Saved entries:
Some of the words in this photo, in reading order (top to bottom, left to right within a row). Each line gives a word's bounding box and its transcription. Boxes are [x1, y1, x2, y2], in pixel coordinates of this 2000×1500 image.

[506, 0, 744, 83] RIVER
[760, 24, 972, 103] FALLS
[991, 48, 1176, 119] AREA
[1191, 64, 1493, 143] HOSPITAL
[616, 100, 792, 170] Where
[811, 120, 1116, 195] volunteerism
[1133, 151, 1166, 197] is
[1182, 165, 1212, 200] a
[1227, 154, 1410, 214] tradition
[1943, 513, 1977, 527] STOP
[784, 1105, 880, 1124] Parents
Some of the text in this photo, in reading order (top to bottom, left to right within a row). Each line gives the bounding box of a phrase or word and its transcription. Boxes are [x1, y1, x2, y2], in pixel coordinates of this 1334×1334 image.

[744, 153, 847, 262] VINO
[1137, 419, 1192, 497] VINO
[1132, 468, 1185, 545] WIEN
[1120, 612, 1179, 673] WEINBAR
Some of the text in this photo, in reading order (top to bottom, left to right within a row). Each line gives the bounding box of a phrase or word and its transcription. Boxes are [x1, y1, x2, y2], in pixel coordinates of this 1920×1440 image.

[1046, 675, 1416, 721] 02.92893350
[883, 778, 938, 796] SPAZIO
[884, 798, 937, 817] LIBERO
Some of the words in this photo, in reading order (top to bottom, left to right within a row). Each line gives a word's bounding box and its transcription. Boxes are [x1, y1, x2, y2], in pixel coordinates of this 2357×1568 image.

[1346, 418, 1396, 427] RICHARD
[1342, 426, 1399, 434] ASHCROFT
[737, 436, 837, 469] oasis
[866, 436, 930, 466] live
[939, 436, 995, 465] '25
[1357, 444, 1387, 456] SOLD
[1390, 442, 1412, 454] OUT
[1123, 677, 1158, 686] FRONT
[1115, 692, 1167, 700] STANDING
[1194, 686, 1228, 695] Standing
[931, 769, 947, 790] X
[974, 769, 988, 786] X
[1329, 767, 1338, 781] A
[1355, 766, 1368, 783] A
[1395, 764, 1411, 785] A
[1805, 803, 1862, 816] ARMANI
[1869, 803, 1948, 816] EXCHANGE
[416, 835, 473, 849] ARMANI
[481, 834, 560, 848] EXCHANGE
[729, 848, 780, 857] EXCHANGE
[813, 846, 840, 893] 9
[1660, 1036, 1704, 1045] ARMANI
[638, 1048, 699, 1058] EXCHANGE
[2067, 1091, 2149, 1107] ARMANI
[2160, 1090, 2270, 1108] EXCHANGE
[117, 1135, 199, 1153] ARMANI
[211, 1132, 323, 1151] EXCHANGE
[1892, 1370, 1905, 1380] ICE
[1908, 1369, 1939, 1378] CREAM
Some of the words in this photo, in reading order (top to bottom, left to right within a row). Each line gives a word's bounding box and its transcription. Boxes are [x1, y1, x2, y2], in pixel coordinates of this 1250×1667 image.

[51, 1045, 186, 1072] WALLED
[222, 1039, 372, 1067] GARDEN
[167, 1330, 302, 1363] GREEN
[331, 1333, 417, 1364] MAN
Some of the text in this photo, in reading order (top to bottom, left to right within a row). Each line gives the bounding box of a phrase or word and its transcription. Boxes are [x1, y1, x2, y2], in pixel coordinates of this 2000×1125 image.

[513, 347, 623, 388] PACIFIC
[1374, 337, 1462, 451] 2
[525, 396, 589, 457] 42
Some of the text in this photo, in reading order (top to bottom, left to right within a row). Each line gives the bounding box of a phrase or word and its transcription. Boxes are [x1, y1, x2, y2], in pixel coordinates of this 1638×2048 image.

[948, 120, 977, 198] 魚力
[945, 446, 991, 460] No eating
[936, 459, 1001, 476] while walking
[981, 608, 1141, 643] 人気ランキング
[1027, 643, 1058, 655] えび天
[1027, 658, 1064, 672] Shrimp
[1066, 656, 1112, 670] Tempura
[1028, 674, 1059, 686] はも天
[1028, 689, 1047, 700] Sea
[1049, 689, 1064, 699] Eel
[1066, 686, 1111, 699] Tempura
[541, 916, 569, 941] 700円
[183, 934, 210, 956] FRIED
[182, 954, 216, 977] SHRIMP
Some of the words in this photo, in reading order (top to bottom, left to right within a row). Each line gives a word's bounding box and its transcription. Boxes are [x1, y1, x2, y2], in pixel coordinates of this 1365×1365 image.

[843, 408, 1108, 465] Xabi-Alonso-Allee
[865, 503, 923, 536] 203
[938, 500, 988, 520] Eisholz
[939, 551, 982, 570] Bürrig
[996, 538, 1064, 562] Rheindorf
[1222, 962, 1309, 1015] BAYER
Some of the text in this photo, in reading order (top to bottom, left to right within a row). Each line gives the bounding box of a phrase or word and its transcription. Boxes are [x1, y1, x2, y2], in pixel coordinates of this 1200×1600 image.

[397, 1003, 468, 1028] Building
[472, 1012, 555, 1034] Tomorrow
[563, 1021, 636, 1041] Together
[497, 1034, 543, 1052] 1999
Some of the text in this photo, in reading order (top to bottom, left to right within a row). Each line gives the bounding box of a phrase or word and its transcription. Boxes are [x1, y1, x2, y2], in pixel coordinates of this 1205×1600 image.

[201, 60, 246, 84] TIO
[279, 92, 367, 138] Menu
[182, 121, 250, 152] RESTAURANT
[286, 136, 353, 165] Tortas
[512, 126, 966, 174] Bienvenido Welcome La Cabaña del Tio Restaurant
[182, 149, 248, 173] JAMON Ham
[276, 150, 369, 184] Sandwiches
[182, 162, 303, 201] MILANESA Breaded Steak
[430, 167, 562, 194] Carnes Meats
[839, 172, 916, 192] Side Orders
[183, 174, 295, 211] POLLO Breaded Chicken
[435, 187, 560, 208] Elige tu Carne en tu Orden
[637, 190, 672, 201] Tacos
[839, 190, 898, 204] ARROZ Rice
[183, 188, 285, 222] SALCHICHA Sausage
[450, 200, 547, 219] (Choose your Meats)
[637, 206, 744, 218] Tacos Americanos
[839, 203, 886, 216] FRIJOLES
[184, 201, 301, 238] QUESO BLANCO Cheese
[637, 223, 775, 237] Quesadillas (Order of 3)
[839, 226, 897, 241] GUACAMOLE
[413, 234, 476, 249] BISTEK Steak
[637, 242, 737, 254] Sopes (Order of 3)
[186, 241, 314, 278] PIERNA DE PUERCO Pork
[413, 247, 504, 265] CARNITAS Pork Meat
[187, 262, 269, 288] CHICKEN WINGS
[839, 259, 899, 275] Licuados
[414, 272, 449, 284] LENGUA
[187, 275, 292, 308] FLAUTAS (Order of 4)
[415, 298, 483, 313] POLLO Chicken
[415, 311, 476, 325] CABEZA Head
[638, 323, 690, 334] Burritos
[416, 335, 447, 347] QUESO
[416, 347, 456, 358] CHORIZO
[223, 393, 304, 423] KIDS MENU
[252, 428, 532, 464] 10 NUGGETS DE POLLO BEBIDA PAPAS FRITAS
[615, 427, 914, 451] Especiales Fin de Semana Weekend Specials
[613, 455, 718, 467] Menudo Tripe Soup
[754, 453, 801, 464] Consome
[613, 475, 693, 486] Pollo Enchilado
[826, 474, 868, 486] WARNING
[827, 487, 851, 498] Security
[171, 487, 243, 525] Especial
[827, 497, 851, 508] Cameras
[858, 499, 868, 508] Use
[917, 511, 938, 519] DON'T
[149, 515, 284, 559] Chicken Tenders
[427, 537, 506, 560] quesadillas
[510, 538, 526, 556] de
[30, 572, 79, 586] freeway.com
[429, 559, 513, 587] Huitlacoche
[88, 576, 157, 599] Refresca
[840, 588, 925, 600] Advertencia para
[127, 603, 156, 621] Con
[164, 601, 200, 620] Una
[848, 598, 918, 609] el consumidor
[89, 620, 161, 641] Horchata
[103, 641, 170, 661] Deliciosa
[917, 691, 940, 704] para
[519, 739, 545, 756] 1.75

◆ **Work instruction**:
Lines from the one containing "this 1205×1600 image." through the last line of the records, restated word for word: that is the whole response.

◆ **Task response**:
Some of the text in this photo, in reading order (top to bottom, left to right within a row). Each line gives the bounding box of a phrase or word and its transcription. Boxes are [x1, y1, x2, y2], in pixel coordinates of this 1205×1600 image.

[201, 60, 246, 84] TIO
[279, 92, 367, 138] Menu
[182, 121, 250, 152] RESTAURANT
[286, 136, 353, 165] Tortas
[512, 126, 966, 174] Bienvenido Welcome La Cabaña del Tio Restaurant
[182, 149, 248, 173] JAMON Ham
[276, 150, 369, 184] Sandwiches
[182, 162, 303, 201] MILANESA Breaded Steak
[430, 167, 562, 194] Carnes Meats
[839, 172, 916, 192] Side Orders
[183, 174, 295, 211] POLLO Breaded Chicken
[435, 187, 560, 208] Elige tu Carne en tu Orden
[637, 190, 672, 201] Tacos
[839, 190, 898, 204] ARROZ Rice
[183, 188, 285, 222] SALCHICHA Sausage
[450, 200, 547, 219] (Choose your Meats)
[637, 206, 744, 218] Tacos Americanos
[839, 203, 886, 216] FRIJOLES
[184, 201, 301, 238] QUESO BLANCO Cheese
[637, 223, 775, 237] Quesadillas (Order of 3)
[839, 226, 897, 241] GUACAMOLE
[413, 234, 476, 249] BISTEK Steak
[637, 242, 737, 254] Sopes (Order of 3)
[186, 241, 314, 278] PIERNA DE PUERCO Pork
[413, 247, 504, 265] CARNITAS Pork Meat
[187, 262, 269, 288] CHICKEN WINGS
[839, 259, 899, 275] Licuados
[414, 272, 449, 284] LENGUA
[187, 275, 292, 308] FLAUTAS (Order of 4)
[415, 298, 483, 313] POLLO Chicken
[415, 311, 476, 325] CABEZA Head
[638, 323, 690, 334] Burritos
[416, 335, 447, 347] QUESO
[416, 347, 456, 358] CHORIZO
[223, 393, 304, 423] KIDS MENU
[252, 428, 532, 464] 10 NUGGETS DE POLLO BEBIDA PAPAS FRITAS
[615, 427, 914, 451] Especiales Fin de Semana Weekend Specials
[613, 455, 718, 467] Menudo Tripe Soup
[754, 453, 801, 464] Consome
[613, 475, 693, 486] Pollo Enchilado
[826, 474, 868, 486] WARNING
[827, 487, 851, 498] Security
[171, 487, 243, 525] Especial
[827, 497, 851, 508] Cameras
[858, 499, 868, 508] Use
[917, 511, 938, 519] DON'T
[149, 515, 284, 559] Chicken Tenders
[427, 537, 506, 560] quesadillas
[510, 538, 526, 556] de
[30, 572, 79, 586] freeway.com
[429, 559, 513, 587] Huitlacoche
[88, 576, 157, 599] Refresca
[840, 588, 925, 600] Advertencia para
[127, 603, 156, 621] Con
[164, 601, 200, 620] Una
[848, 598, 918, 609] el consumidor
[89, 620, 161, 641] Horchata
[103, 641, 170, 661] Deliciosa
[917, 691, 940, 704] para
[519, 739, 545, 756] 1.75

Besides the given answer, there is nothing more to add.